The easternmost varieties spoken in the Bergisches Land region east of the Rhine river form a distinct subgroup, viz. the Bergish dialects.

==Characteristics==

South Low Franconian is the northernmost dialect group in the Rhenish fan. Being located between the Benrath and Uerdingen lines, it generally has not taken part in the High German consonant shift, but at the same time, a few lexical items have /x/ for *k in final position, most iconically ich //ix// 'I' against ik in West Low Franconian varieties (including Standard Dutch). (Note: This iconic characteristic was even featured on the cover of the book Een eeuw Limburgse dialectologie ("A century of Limburgian dialectology") with the sentence "ich maak" projected onto a map of the area between the Benrath and Uerdingen lines.)
However, this single feature is only one of many characteristics of the South Low Franconian varieties, and the role of the Uerdingen line as the major western and northern boundary of South Low Franconian has long been challenged by many scholars.
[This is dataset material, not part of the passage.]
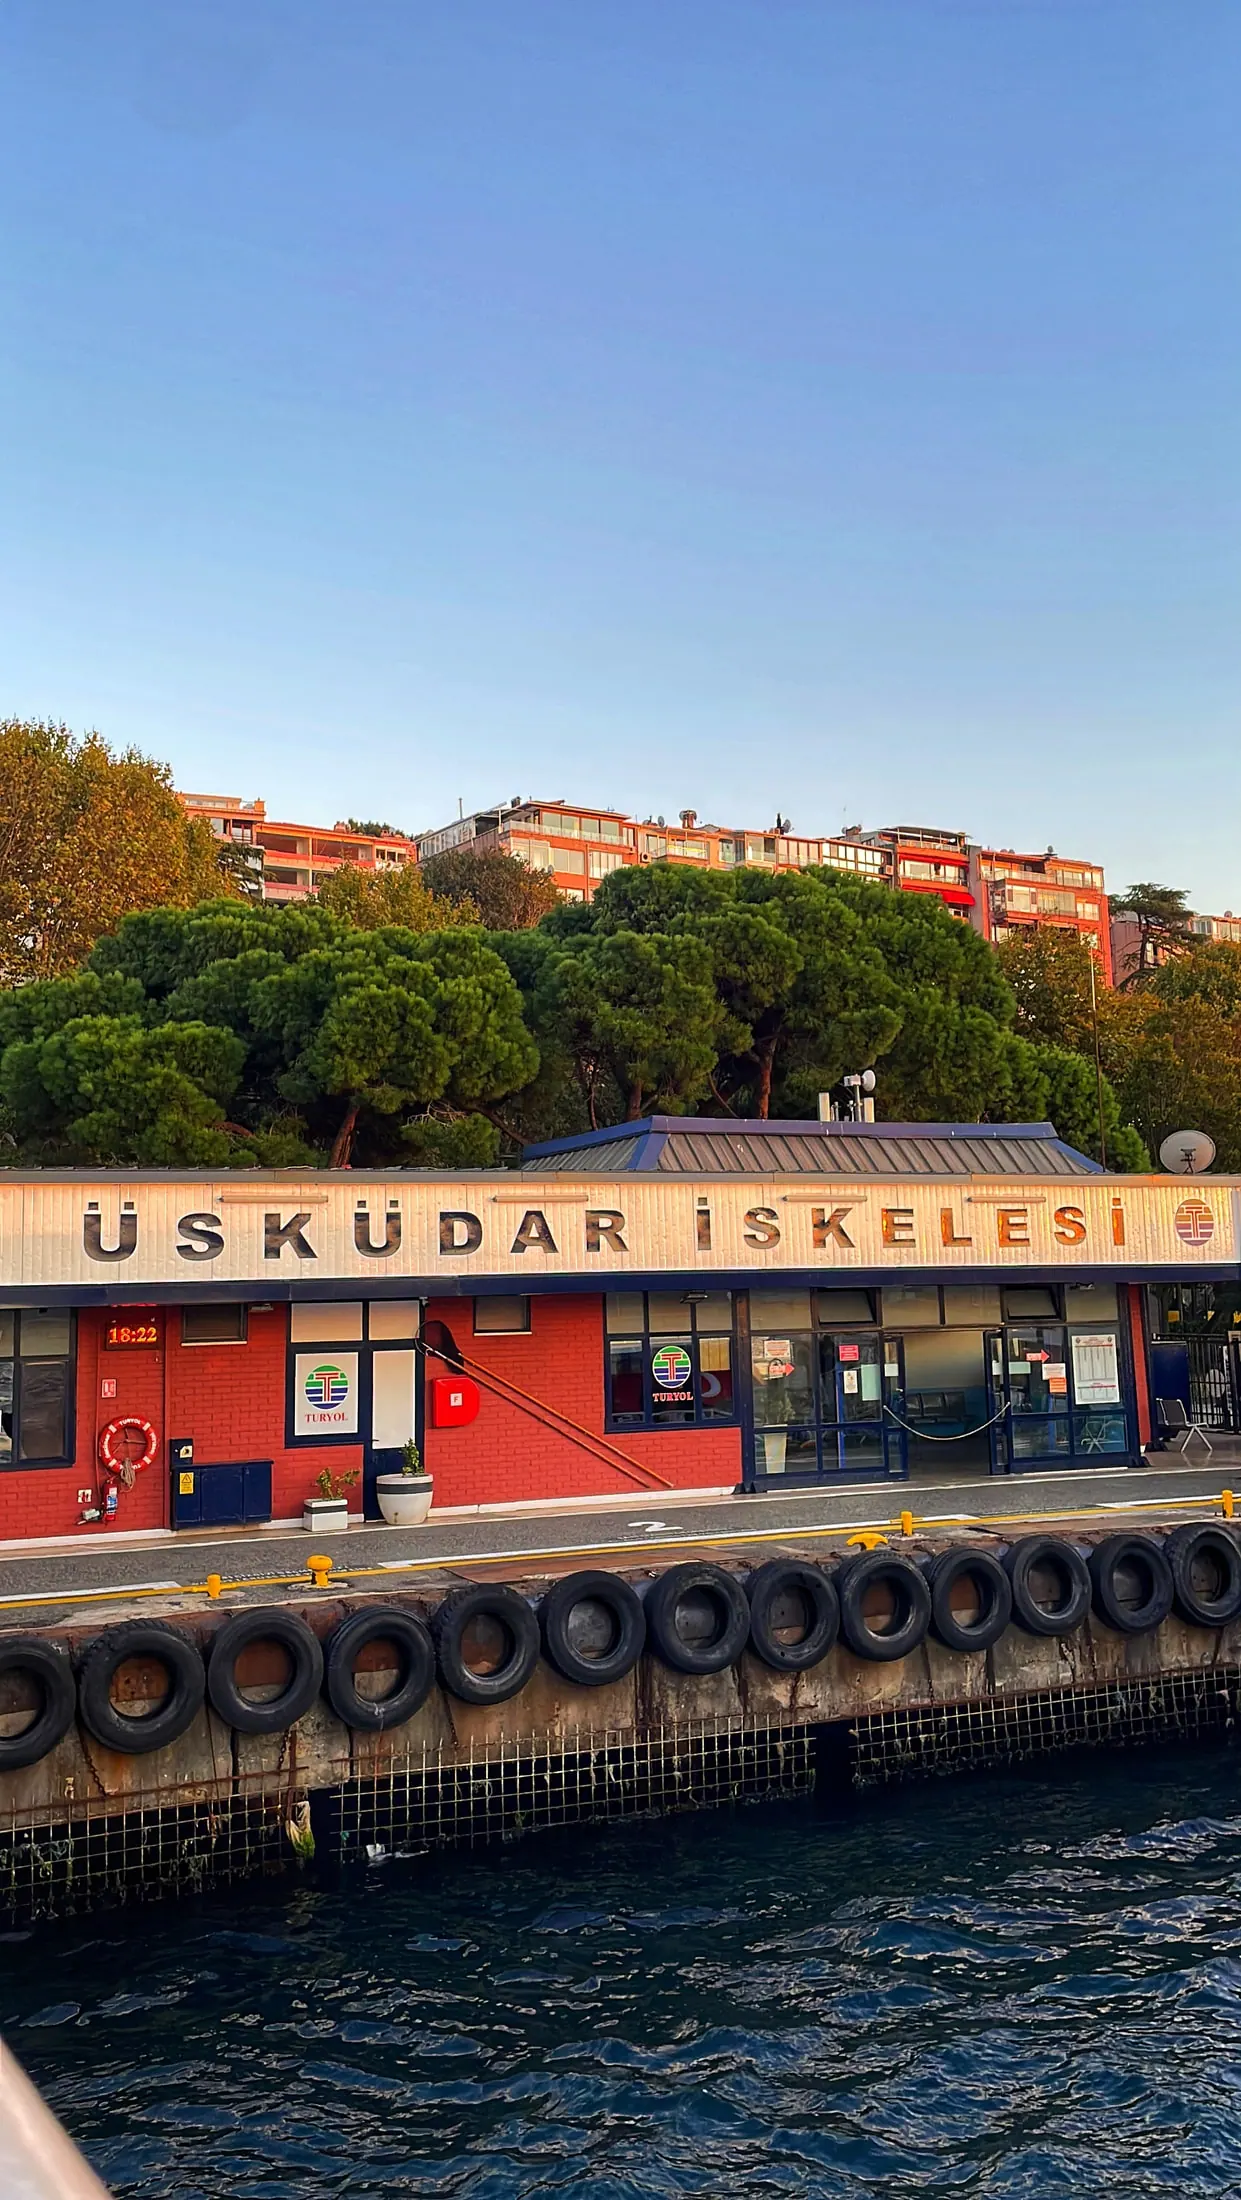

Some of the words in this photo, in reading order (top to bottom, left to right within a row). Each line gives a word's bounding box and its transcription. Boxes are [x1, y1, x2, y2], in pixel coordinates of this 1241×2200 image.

Another characteristic of South Low Franconian dialects that is easily identified even by non-specialists is the suprasegmental phonological feature of the Franconian tone accent, which also occurs in Central Franconian (= Ripuarian and Moselle Franconian). The extent of the area where pitch accent occurs does not fully overlap with the area defined by the Uerdingen line. In the west, it has a narrower scope and only reaches to the border between West Limburgish and the West Limburgish–South Brabantian transitional area, whereas to the north and northeast, it goes beyond the Uerdingen line and includes the dialects of Venlo, Duisburg and Mülheim. Within the Rhenish pitch accent area, South Low Franconian dialects form a distinct subarea with tone rules that slightly differ from those in Ripuarian and Moselle Franconian, although a few Ripuarian dialects follow the South Low Franconian pattern (e.g. the dialect of Kerkrade) and vice versa (e.g. the dialect of Eupen).
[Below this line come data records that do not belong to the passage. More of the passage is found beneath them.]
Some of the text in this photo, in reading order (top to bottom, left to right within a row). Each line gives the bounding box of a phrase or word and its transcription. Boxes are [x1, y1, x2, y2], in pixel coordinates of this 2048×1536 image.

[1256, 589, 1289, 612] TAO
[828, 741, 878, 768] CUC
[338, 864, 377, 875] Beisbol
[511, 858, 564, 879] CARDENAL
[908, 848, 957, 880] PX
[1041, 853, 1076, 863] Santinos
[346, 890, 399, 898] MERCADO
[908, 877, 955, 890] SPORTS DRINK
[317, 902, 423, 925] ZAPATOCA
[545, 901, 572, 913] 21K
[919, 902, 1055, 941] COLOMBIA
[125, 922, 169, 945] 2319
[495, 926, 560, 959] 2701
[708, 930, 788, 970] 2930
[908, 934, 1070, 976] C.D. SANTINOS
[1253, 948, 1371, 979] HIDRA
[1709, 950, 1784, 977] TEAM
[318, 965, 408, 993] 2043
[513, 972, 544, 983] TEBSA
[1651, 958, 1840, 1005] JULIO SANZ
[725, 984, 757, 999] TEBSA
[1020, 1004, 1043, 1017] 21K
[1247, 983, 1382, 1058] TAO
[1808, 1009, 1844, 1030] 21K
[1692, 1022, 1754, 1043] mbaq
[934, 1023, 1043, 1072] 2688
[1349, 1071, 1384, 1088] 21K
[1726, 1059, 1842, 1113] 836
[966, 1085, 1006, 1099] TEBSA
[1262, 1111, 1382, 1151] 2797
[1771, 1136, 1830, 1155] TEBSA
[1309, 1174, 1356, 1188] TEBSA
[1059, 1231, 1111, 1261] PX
Other distinctive features of South Low Franconian that set it off from other Low Franconian varieties have a more limited scope, especially in the westernmost part:
- A typical conservative feature is the retention of the Proto-West Germanic long high monophthongs *î and *û (e.g. /diːk/ 'dike', /huːs/ 'house' in Maasbracht, Central Limburgish), that is shared with neighboring dialect groups to the north (Kleverlandish), east (Low Saxon) and south (Ripuarian). However, the South Low Franconian dialects to the west of Central Limburgish have taken part in the Brabantian-Hollandic diphthongization (e.g. /daik/ 'dike', /haus/ 'house' in Tongeren, Central Limburgish–West Limburgish transitional area), with the exception of the northernmost part of the West Limburgish area.
- Preservation of the original second person singular pronoun /duː/ (sometimes represented by a generalized form of the earlier accusative form /dix/) goes beyond the Uerdingen line in the transitional northern area and largely overlaps with the northernmost extension of pitch accent. In the west, Central Limburgish is again the westernmost area where /duː/ occurs, plus the eastern half of the West Limburgish–Central Limburgish transitional area. To the north and west, the second person singular pronoun was replaced by the corresponding plural pronoun (cf. Dutch gij, jij).
- The High German split of the Proto-West Germanic diphthongs *ai and *au to *ai/*au and *ê/*ô (depending on the following consonant) extends as far as Central Limburgish and much of the West Limburgish–Central Limburgish transitional area. For example, the Central Limburgish dialect of As reflects *ai as /ei/ in /bein/ 'bone' and /iə/ (< *ê) in /sniə/ 'snow'. Again, this feature goes beyond the Uerdingen line in the northern and northwestern part of the South Low Franconian area.